Een woordvoerder van de FTC kan desgevraagd geen antwoord geven op de vraag of de handelswaakhond nu opnieuw onderzoek doet naar Bevelander of Megaprovider. “Ik kan geen commentaar geven op de vraag of de FTC op dit moment een onderzoek doet.”

“Ik kan wel zeggen, zonder commentaar te geven op een specifiek onderzoek, dat de FTC heeft samengewerkt en samenwerkt met de Nederlandse autoriteiten, waaronder de OPTA”, aldus de zegsman.

De FTC kwam Bevelander in 2003 op het spoor tijdens een onderzoek naar de Amerikaanse spammer Brian Westby. Westby moest uiteindelijk 87.500 dollar betalen aan de Amerikaanse handelswaakhond. Als onderdeel van de schikking met de FTC moesten Bevelander en Westby vorig jaar beloven dat zij zich nooit meer schuldig zouden maken aan het versturen van spamberichten met misleidende onderwerpen of vervalste afzendadressen (‘spoofing’).

Proxypot

Het ‘spoofen’ van de afzendadressen gebeurt doorgaans door de spam te versturen via zogeheten open proxies (in veel gevallen gehackte of besmette pc’s van internetgebruikers met een breedbandverbinding). Dat is ook gebeurd bij de spam die afkomstig is van het Megaprovider-netwerk.

De ontvanger van een spambericht dat via een open proxy is verstuurd, ziet alleen het ip-adres van de open proxy.

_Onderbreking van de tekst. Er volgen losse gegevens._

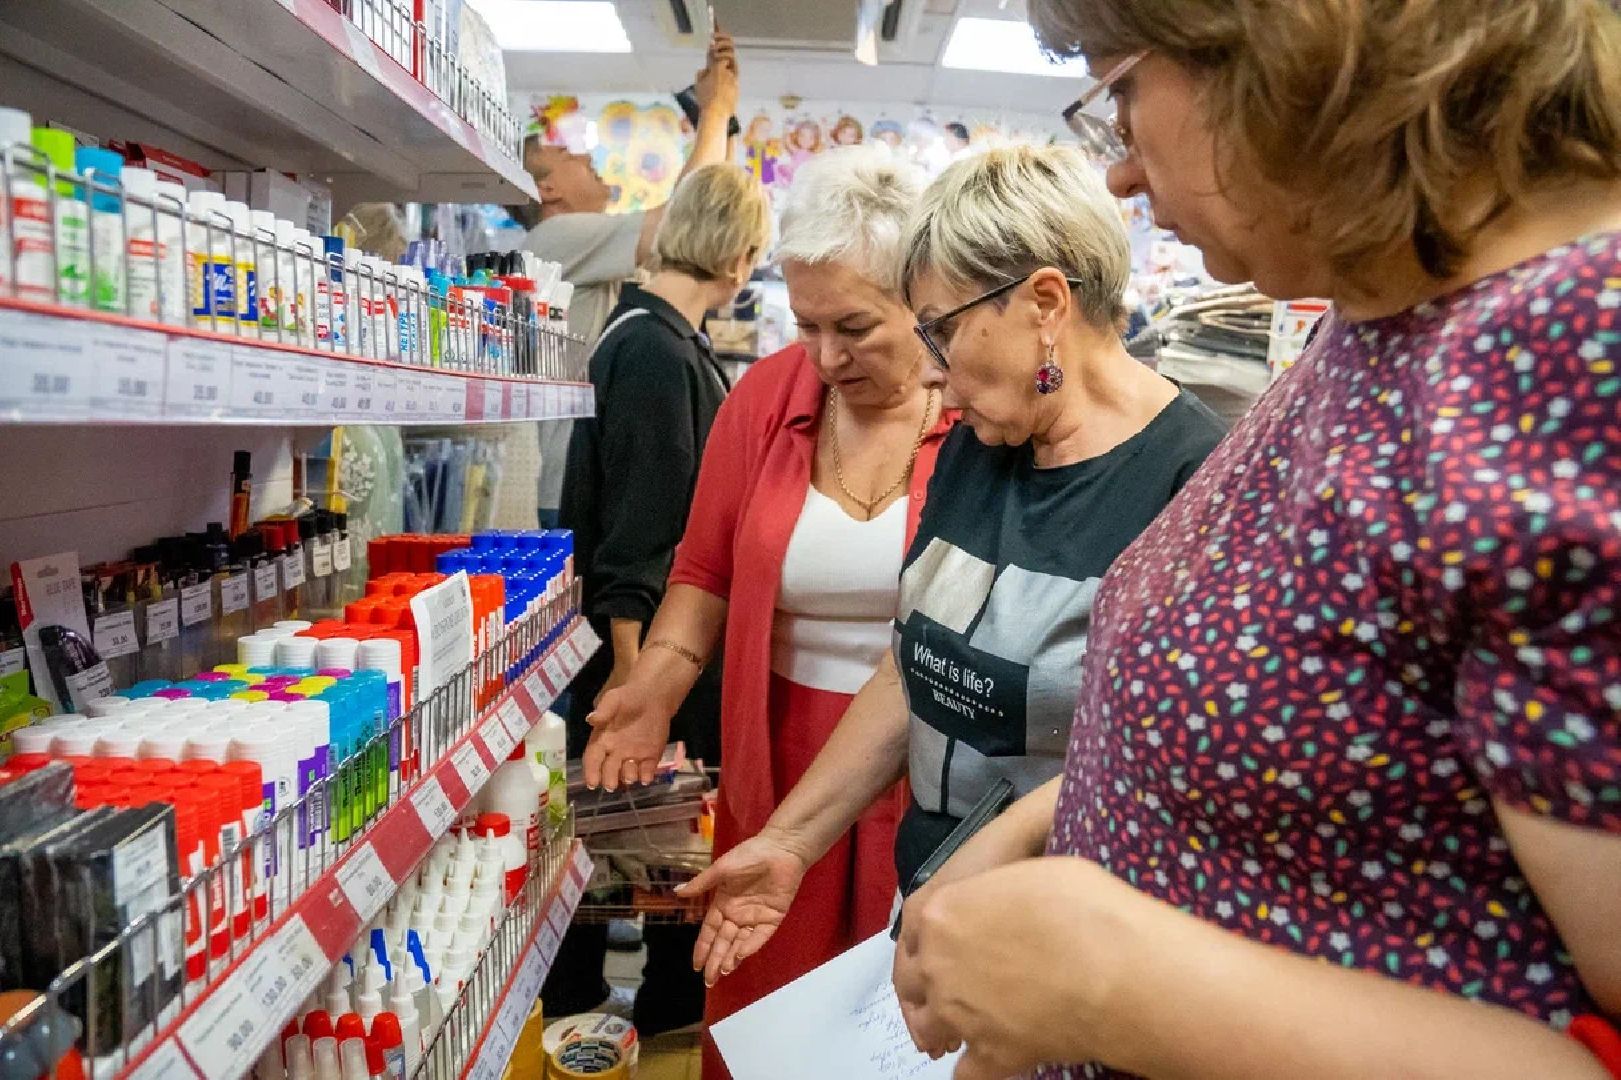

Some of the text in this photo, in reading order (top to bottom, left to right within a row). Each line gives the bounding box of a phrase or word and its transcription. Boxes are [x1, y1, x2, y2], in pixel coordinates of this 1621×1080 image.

Het is op basis van zo’n bericht onmogelijk om uit te vinden vanaf welk ip-adres een spammer zijn mails heeft aangeleverd bij de open proxy.

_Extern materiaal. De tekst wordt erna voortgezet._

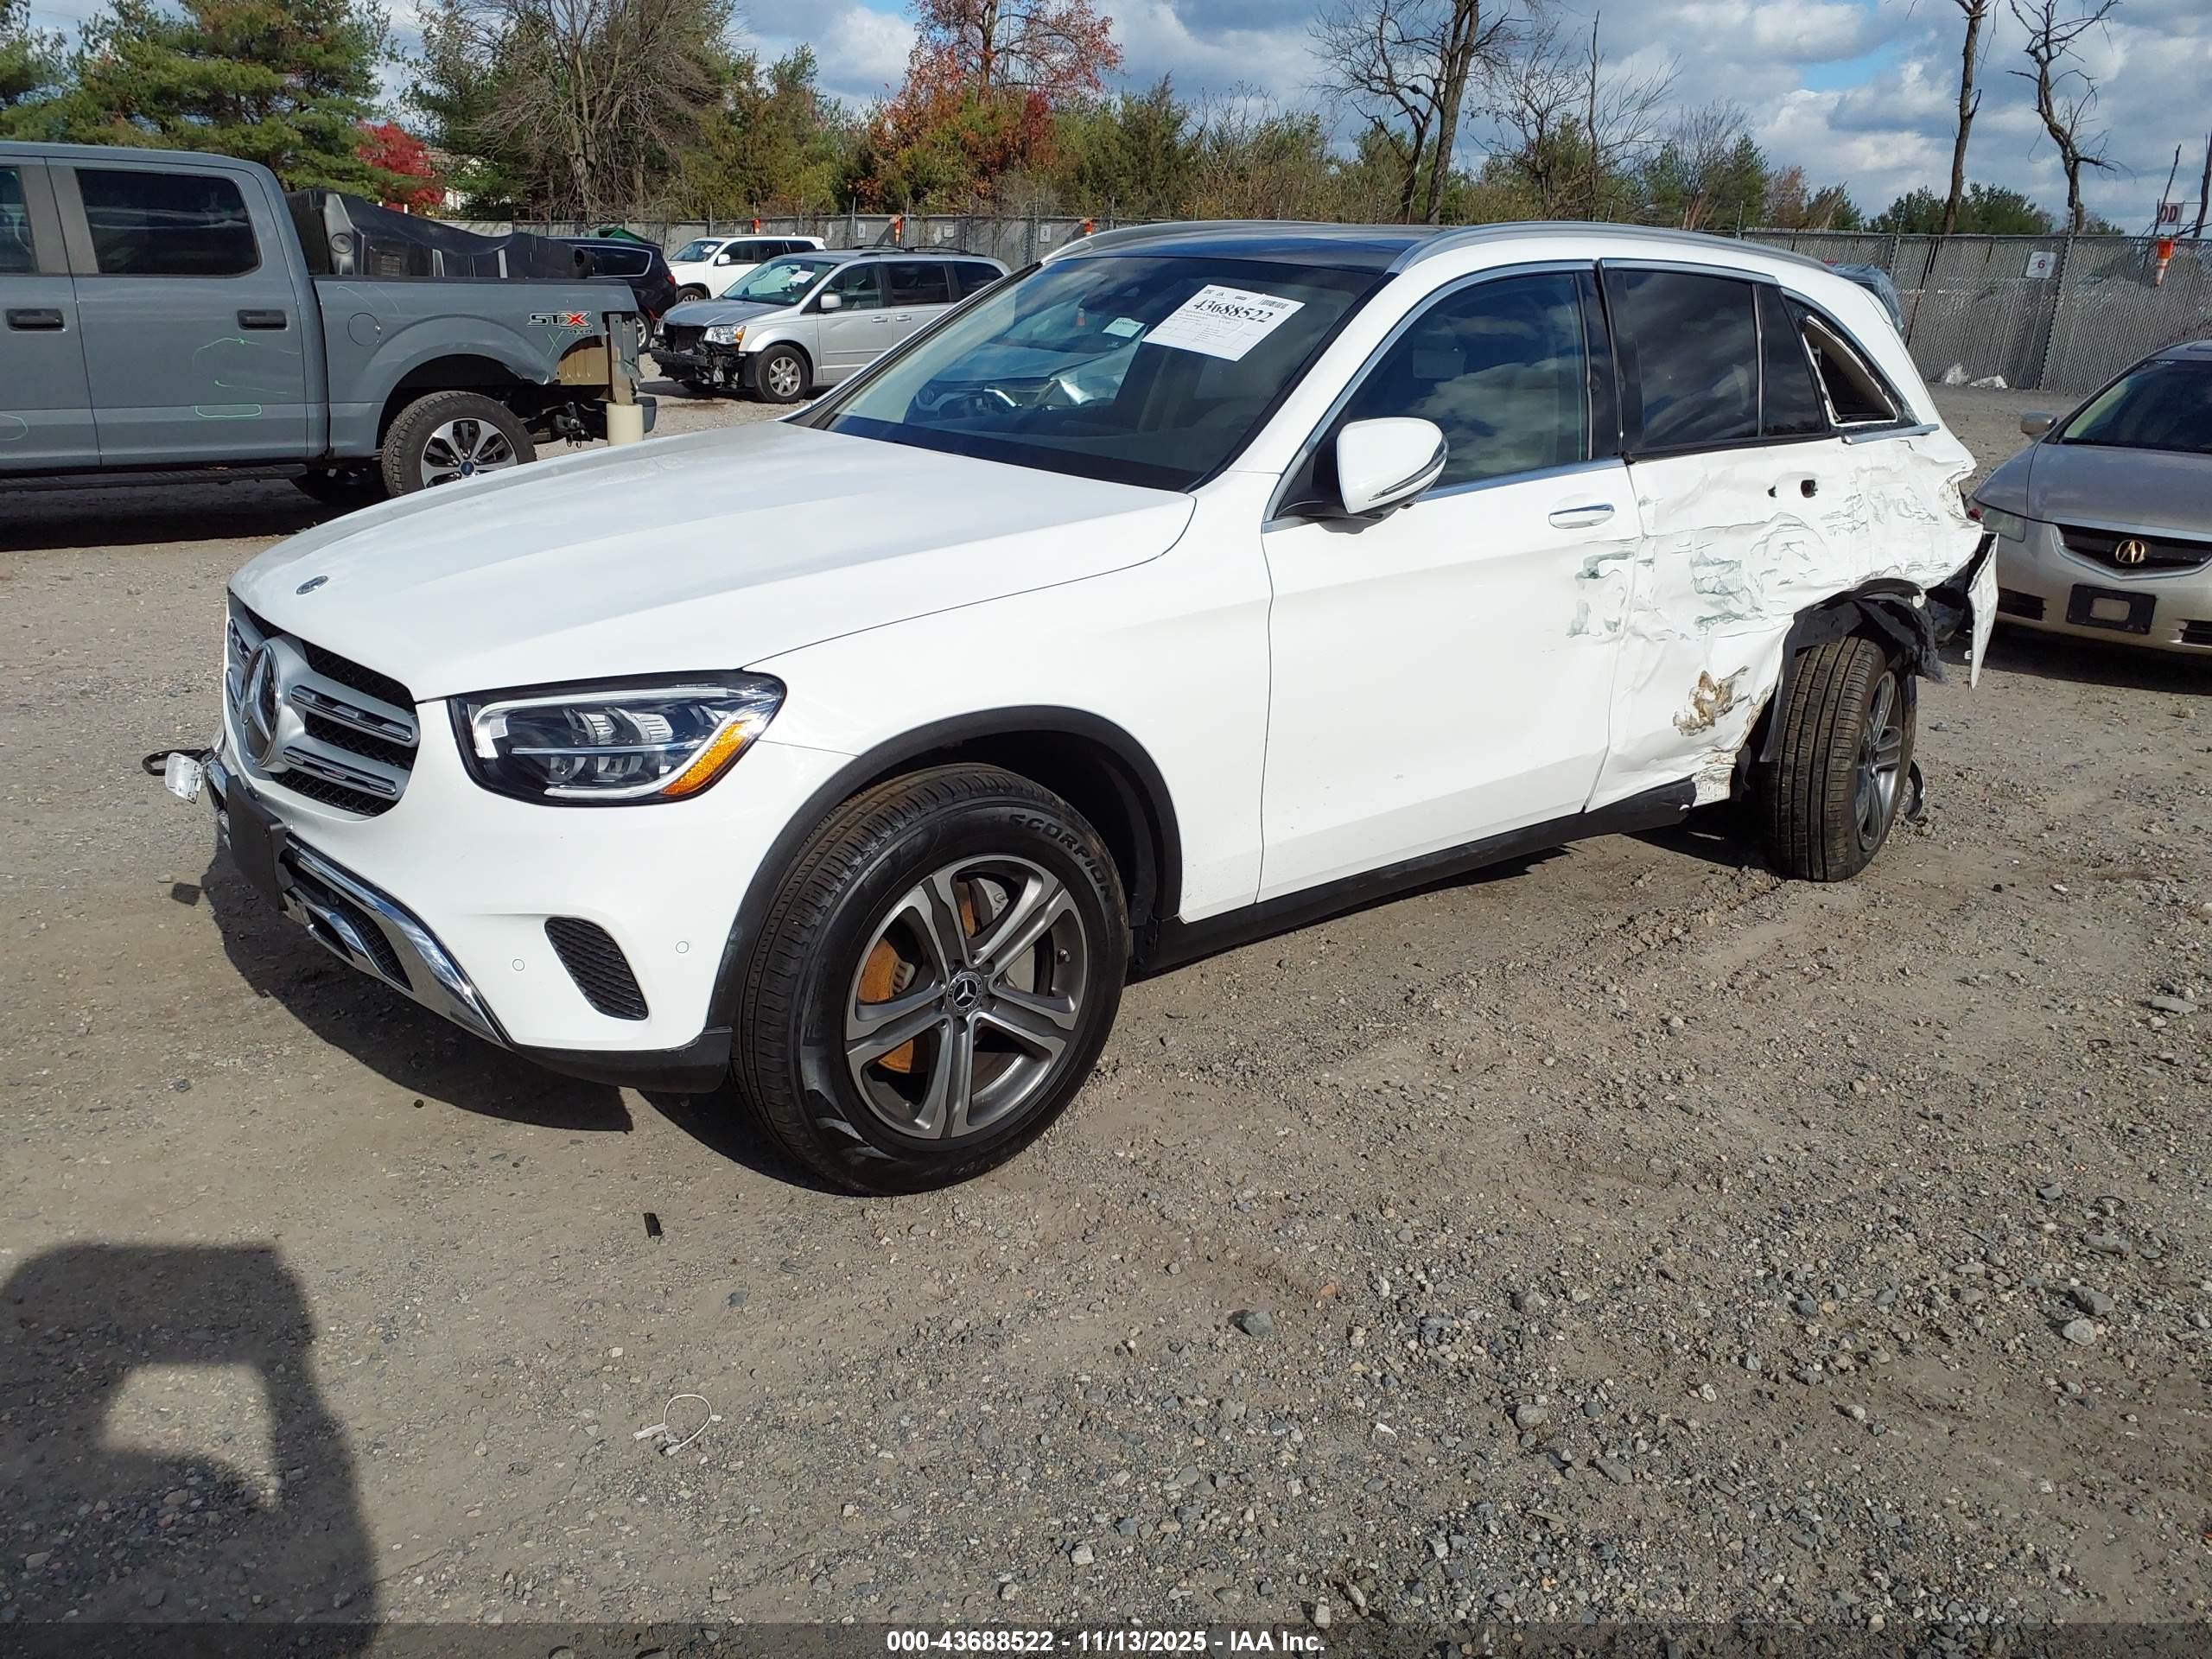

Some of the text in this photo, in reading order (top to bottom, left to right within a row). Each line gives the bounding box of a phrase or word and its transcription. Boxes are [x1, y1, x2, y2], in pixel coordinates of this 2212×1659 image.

De spamactiviteiten vanaf Megaprovider zijn daarom achterhaald met zogeheten proxypots. Een proxypot is een valstrik voor spammers. ‘Van de buitenkant’ lijkt een proxypot op een open proxy. Op die manier worden spammers – die nu eenmaal graag gebruikmaken van open proxies om hun identiteit te verhullen – in de val gelokt. Ze sturen hun spam naar deze proxypot. Het verschil met een echte open proxy is echter dat de mail niet wordt doorgestuurd via een proxypot.

Miljoen geadresseerden

De eigenaar van de proxypot kan vervolgens de mail analyseren en zien waarvandaan de berichten zijn verstuurd. Ook valt er met behulp van dergelijke proxypots iets te zeggen over de omvang van een spamrun.

In het geval van de spamruns vanaf Megaprovider ging het om flinke hoeveelheden spam, zo blijkt. “Via een van de proxypots werd gedurende een viertal aaneengesloten dagen een poging gedaan om spam aan meer dan miljoen geadresseerden te sturen”, schrijft Zenger.

Aangezien de spammer waarschijnlijk heeft gebruikgemaakt van een groot aantal open proxies, zal de werkelijke hoeveelheid verstuurde spam een veelvoud daarvan bedragen. “Een beetje spammer gebruikt vele honderden, zoniet duizenden open proxies tegelijkertijd.”